1. Ansible 配置文件概览

1.1 ansible.cfg 文件配置

Ansible 的 ansible.cfg 文件是 Ansible 客户端的配置文件,通常位于 /etc/ansible/ 目录下。该文件控制着 Ansible 的各种默认行为,包括但不限于日志记录、主机密钥检查、默认的库存文件路径等。

  • 日志记录:可以通过配置文件设置日志级别,以便在执行任务时记录详细的信息,有助于调试和审计。
  • 主机密钥检查host_key_checking 选项控制 Ansible 是否检查目标主机的 SSH 密钥。出于安全考虑,通常建议将其设置为 False
  • 库存文件路径inventory 选项指定了 Ansible 库存文件的位置,默认为 /etc/ansible/hosts

1.2 hosts 文件配置

Ansible 的 hosts 文件是 Ansible 的库存文件,它定义了 Ansible 管理的主机列表。在该文件中,可以为每台主机或主机组指定用户名、密码、SSH 端口号等信息。

  • 主机别名:为每台主机或主机组设置别名,便于在 Playbook 中引用。
  • SSH 端口:通过 ansible_ssh_port 变量指定 SSH 连接使用的端口号。
  • 默认用户ansible_ssh_user 变量定义了连接远程主机时使用的默认用户。
  • 密码管理:虽然可以在 hosts 文件中直接使用 ansible_ssh_pass 变量设置密码,但出于安全考虑,推荐使用 SSH 密钥认证或 Ansible Vault 加密敏感信息。

hosts 文件中配置密码时,可以使用以下格式:

[webservers]
192.168.1.100 ansible_ssh_user=root ansible_ssh_pass=secret_password
192.168.1.101 ansible_ssh_user=root ansible_ssh_pass=another_secret_password

或者,对于使用 sudo 的情况:

[dbservers]
192.168.1.200 ansible_ssh_user=ubuntu ansible_ssh_pass=db_password ansible_sudo_pass=sudo_password

为了提高安全性,可以使用 Ansible Vault 对 hosts 文件进行加密:

ansible-vault encrypt /etc/ansible/hosts

在需要编辑或使用加密的 hosts 文件时,需要提供 Vault 密码:

ansible-vault edit /etc/ansible/hosts --ask-vault-pass

执行 Ansible 命令时,如果需要使用到加密的 hosts 文件,可以使用 --ask-vault-pass 选项来提示输入 Vault 密码:

ansible -i /etc/ansible/hosts all -m ping --ask-vault-pass

这种方式确保了密码等敏感信息的安全,防止在明文中暴露。

2. 配置用户名和密码

2.1 ansible_ssh_user 和 ansible_ssh_pass

在Ansible中,ansible_ssh_useransible_ssh_pass 是用于定义远程主机连接时使用的用户名和密码的变量。这些变量可以直接在inventory文件中设置,以便在执行任务时进行身份验证。

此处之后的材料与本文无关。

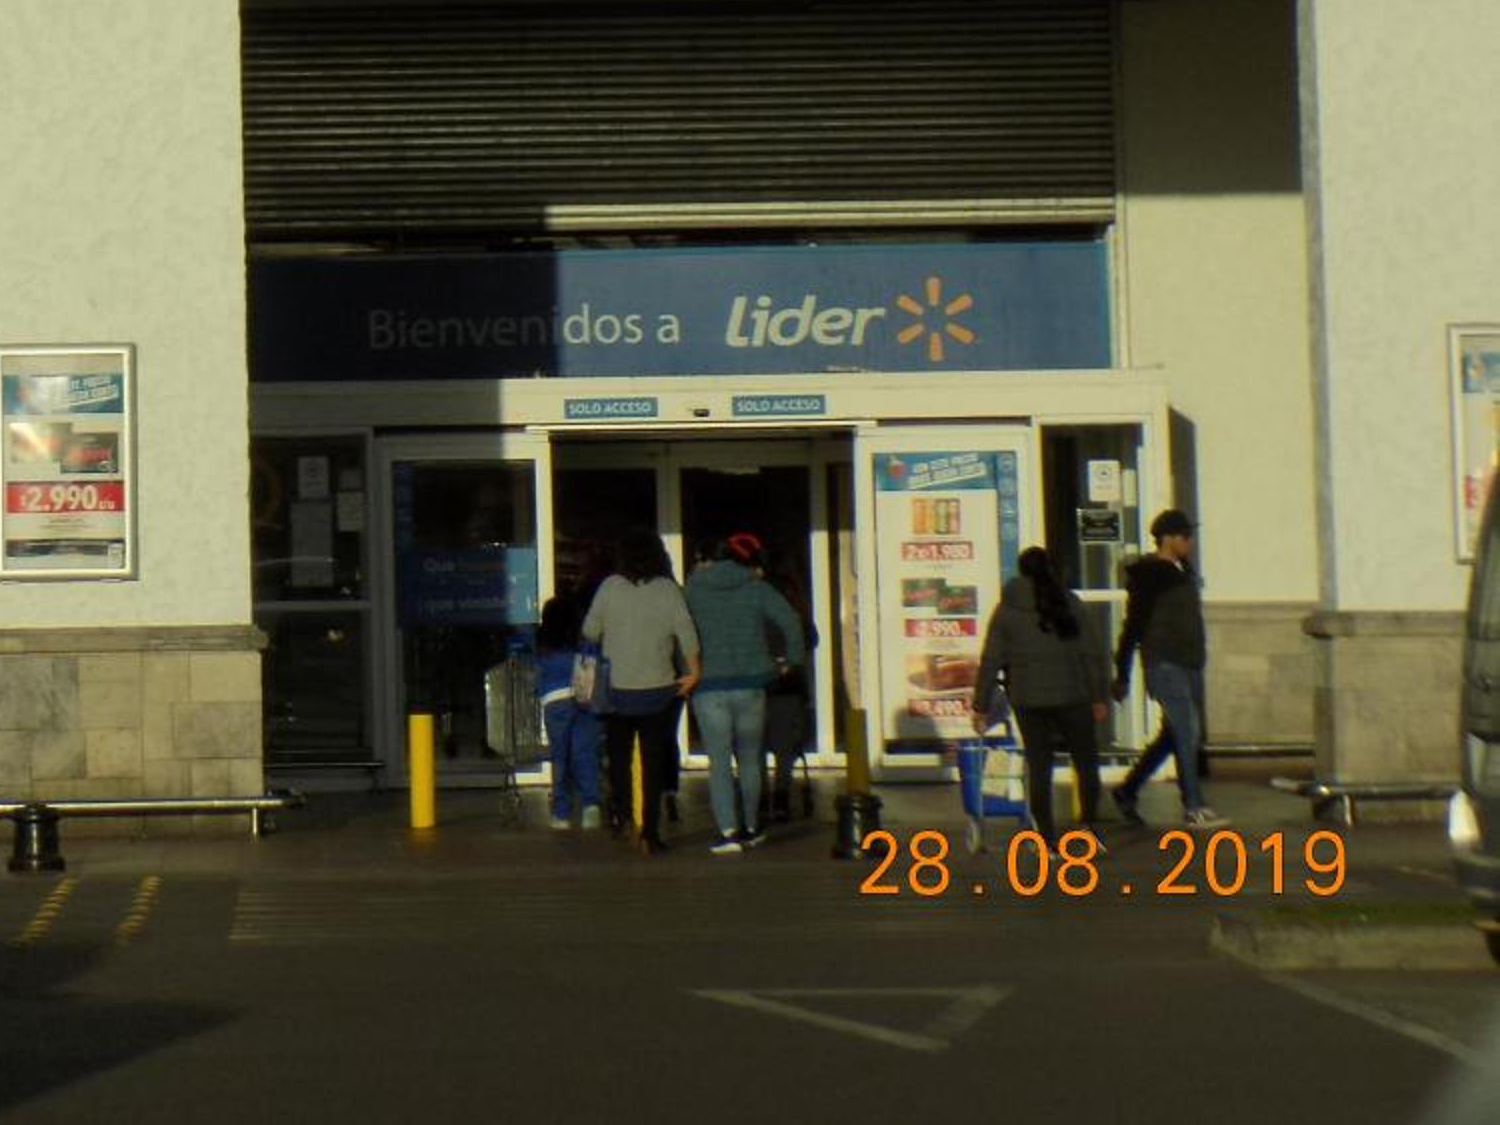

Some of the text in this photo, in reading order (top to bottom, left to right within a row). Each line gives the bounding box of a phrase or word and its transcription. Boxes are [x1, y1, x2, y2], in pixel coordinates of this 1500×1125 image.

[367, 302, 643, 349] Bienvenidos
[656, 314, 680, 344] a
[569, 400, 651, 415] SOLO ACCESO
[736, 397, 821, 412] SOLO ACCESO
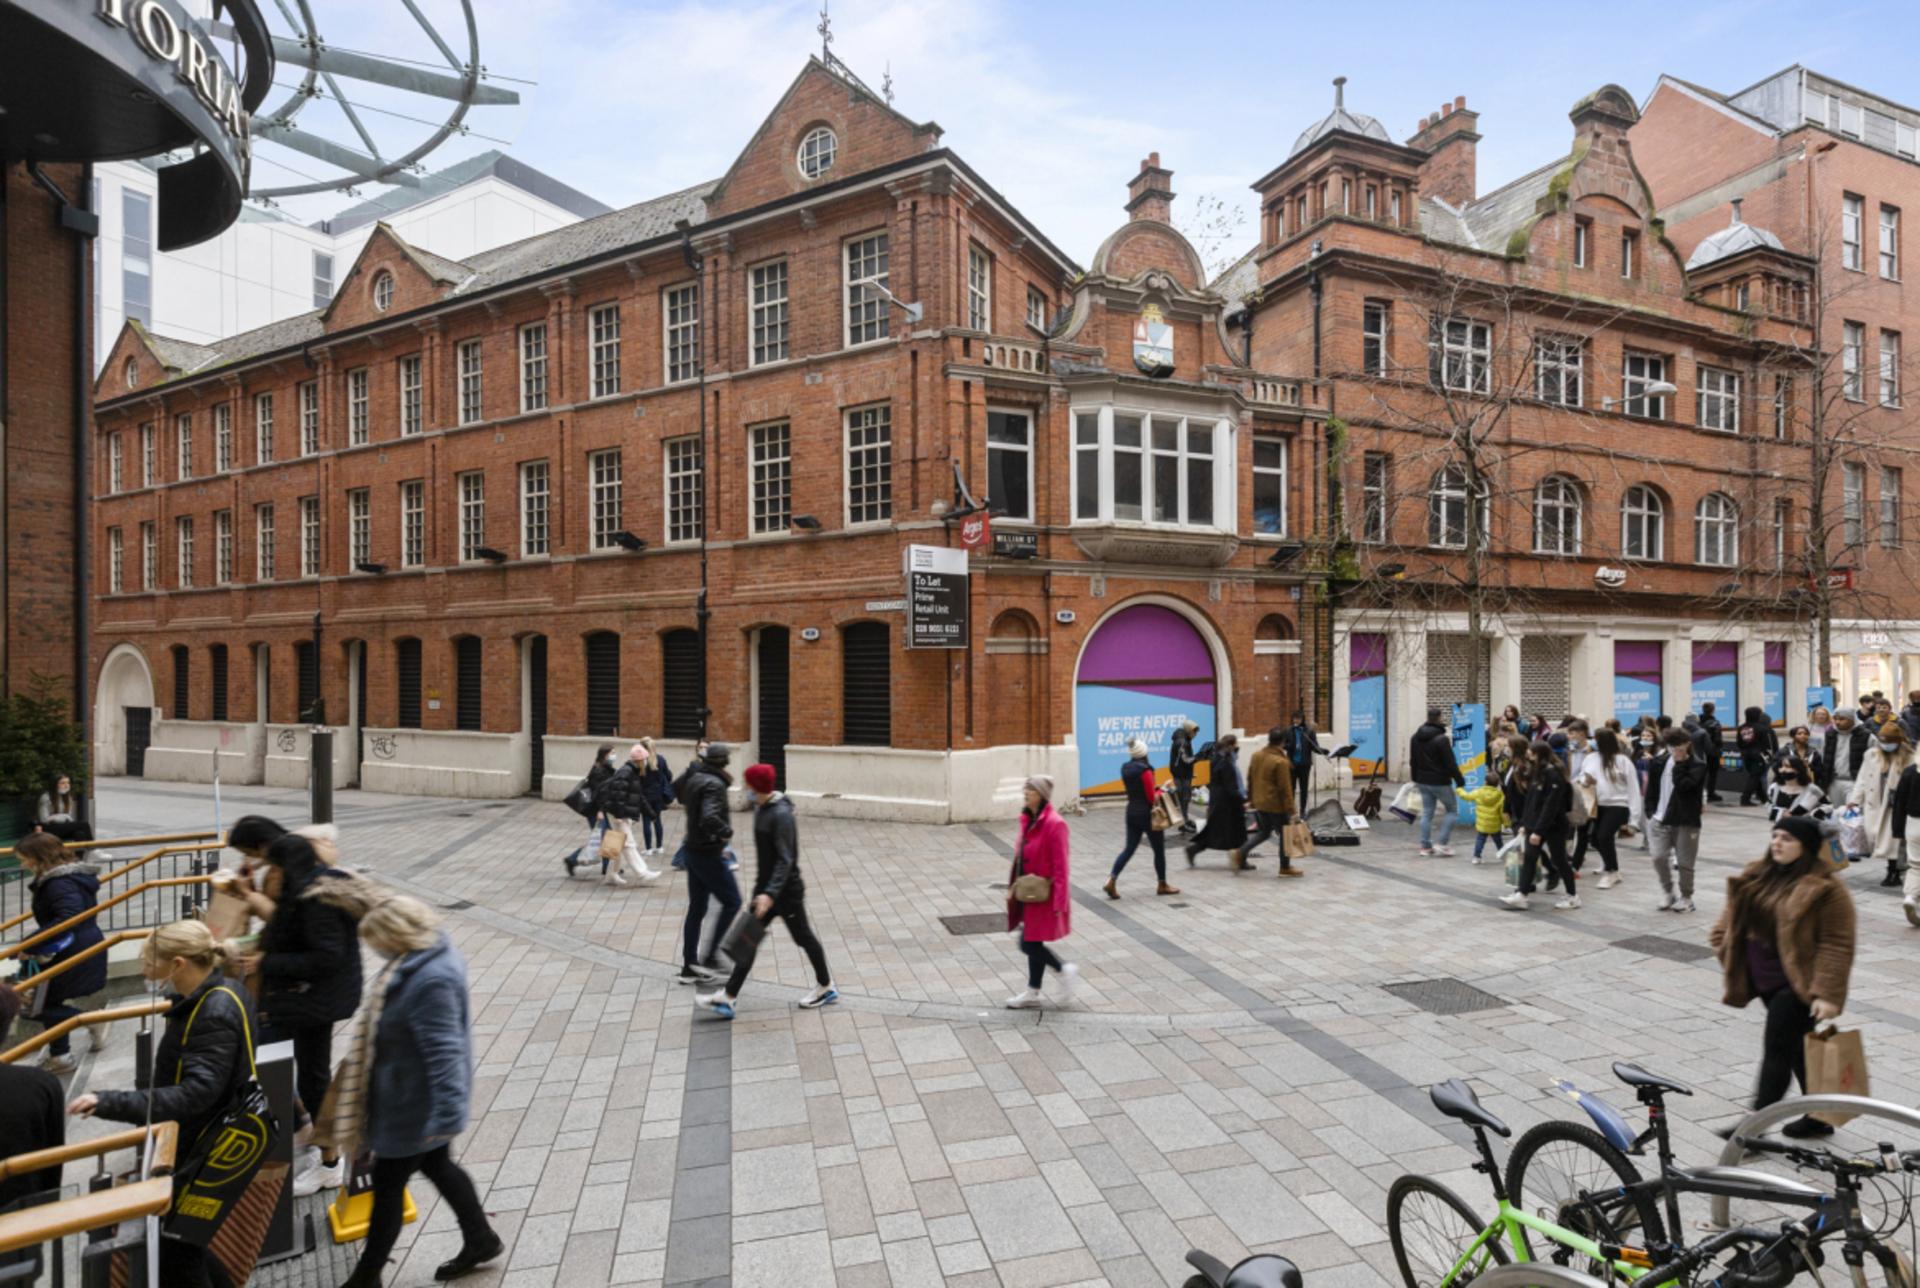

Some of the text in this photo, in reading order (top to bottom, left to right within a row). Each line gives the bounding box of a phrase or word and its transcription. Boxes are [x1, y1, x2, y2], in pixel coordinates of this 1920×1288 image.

[962, 519, 983, 537] Argos
[915, 575, 941, 586] To Let
[915, 592, 935, 602] Prime
[915, 604, 934, 614] Retail
[935, 605, 950, 615] Unit
[1098, 714, 1186, 731] WE'RE NEVER
[1098, 733, 1124, 747] FAR

  • 默认情况下,Ansible使用root用户进行连接,但可以通过设置ansible_ssh_user来更改为其他用户。
  • 密码可以通过ansible_ssh_pass变量在inventory文件中直接设置,但这种做法存在安全风险,因为明文密码可能会被未经授权的人访问。
  • 为了提高安全性,推荐使用SSH密钥认证代替密码。但如果必须使用密码,可以通过Ansible Vault对包含密码的文件进行加密,确保敏感信息的安全。

2.2 使用 SSH 密钥代替密码

SSH密钥认证是一种更安全的远程主机访问方式,它可以避免在inventory文件中存储明文密码。

  • SSH密钥对包括一个私钥和一个公钥。私钥存储在本地,公钥存储在远程主机上。

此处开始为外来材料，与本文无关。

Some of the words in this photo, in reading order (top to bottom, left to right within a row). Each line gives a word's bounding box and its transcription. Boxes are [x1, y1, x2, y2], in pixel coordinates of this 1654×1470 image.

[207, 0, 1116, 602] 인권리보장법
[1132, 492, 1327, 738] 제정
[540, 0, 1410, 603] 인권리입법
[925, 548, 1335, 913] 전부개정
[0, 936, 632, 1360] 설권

  • 通过ssh-keygen命令生成SSH密钥对,然后使用ssh-copy-id命令将公钥复制到远程主机的~/.ssh/authorized_keys文件中,从而实现免密登录。

  • 在Ansible的inventory文件中,可以通过设置ansible_ssh_private_key_file变量来指定私钥文件的路径,从而使用SSH密钥进行认证。

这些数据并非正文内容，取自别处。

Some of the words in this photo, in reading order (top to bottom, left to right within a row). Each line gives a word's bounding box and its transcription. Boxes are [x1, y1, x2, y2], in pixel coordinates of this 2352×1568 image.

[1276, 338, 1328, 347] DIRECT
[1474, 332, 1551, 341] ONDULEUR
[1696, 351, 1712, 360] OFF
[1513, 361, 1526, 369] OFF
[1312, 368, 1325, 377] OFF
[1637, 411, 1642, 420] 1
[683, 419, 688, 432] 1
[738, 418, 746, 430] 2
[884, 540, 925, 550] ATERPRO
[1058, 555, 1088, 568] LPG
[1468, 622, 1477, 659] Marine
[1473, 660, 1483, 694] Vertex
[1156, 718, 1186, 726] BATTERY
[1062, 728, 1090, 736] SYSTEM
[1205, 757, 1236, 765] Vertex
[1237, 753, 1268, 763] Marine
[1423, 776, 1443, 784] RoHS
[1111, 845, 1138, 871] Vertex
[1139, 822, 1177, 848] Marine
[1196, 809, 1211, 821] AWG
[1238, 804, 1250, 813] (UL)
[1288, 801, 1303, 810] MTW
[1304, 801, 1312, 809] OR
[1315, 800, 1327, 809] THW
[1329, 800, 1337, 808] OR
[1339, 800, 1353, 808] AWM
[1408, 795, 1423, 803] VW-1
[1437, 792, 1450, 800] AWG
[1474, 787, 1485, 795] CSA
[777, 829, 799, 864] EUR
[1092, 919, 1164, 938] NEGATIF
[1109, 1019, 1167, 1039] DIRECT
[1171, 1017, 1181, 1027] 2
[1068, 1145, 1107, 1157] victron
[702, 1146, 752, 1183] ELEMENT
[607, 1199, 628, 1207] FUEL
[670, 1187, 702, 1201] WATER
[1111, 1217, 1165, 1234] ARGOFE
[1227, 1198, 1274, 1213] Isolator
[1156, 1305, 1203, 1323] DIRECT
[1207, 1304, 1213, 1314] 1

  • 使用SSH密钥认证不仅可以提高安全性,还可以减少在执行任务时输入密码的麻烦,特别是在自动化任务中非常有用。

  • 此外,SSH密钥认证还可以通过Ansible的known_hosts模块进行管理,自动处理主机密钥的验证和存储。

    3. SSH 密钥管理

    3.1 生成 SSH 密钥对

    SSH 密钥对的生成是 Ansible 自动化过程中关键的一步,它允许无密码远程登录,增强了安全性并简化了管理过程。

  • 密钥对生成:使用 ssh-keygen 命令,用户可以选择生成 RSA、DSA 或 ECDSA 密钥对。通常情况下,默认的 RSA 密钥对已足够使用。

  • 密钥长度:建议至少使用 2048 位的密钥长度,以确保足够的安全性。对于更高级的安全需求,可以选择 4096 位或更长的密钥长度。

  • 密钥存储:生成的私钥(如 id_rsa)应妥善保管,不应泄露或共享。公钥(如 id_rsa.pub)则需要复制到远程主机上,以便进行认证。

3.2 复制公钥到远程主机

将公钥复制到远程主机是实现 SSH 免密登录的关键步骤,Ansible 提供了多种方式来完成这一过程。

  • 使用 ssh-copy-id 命令:这是最常用的方法,可以直接将公钥复制到远程主机的 ~/.ssh/authorized_keys 文件中。

  • 使用 Ansible 模块:Ansible 的 authorized_key 模块允许在 Playbook 中自动化这一过程,可以指定用户、公钥内容以及管理权限等。

  • 批量操作:在管理大量主机时,可以编写 Ansible Playbook 来批量复制公钥,这样可以大大减少手动操作的繁琐性。

  • 权限和安全性:确保远程主机的 ~/.ssh/ 目录和 authorized_keys 文件的权限设置正确,通常目录权限为 700,文件权限为 600,以防止未授权访问。

    4. 使用 ansible-vault 加密敏感信息

    4.1 创建和编辑加密文件

    ansible-vault 是 Ansible 提供的一个强大工具,用于加密敏感信息,如账号密码等。它使用 AES 加密算法来确保数据的安全性。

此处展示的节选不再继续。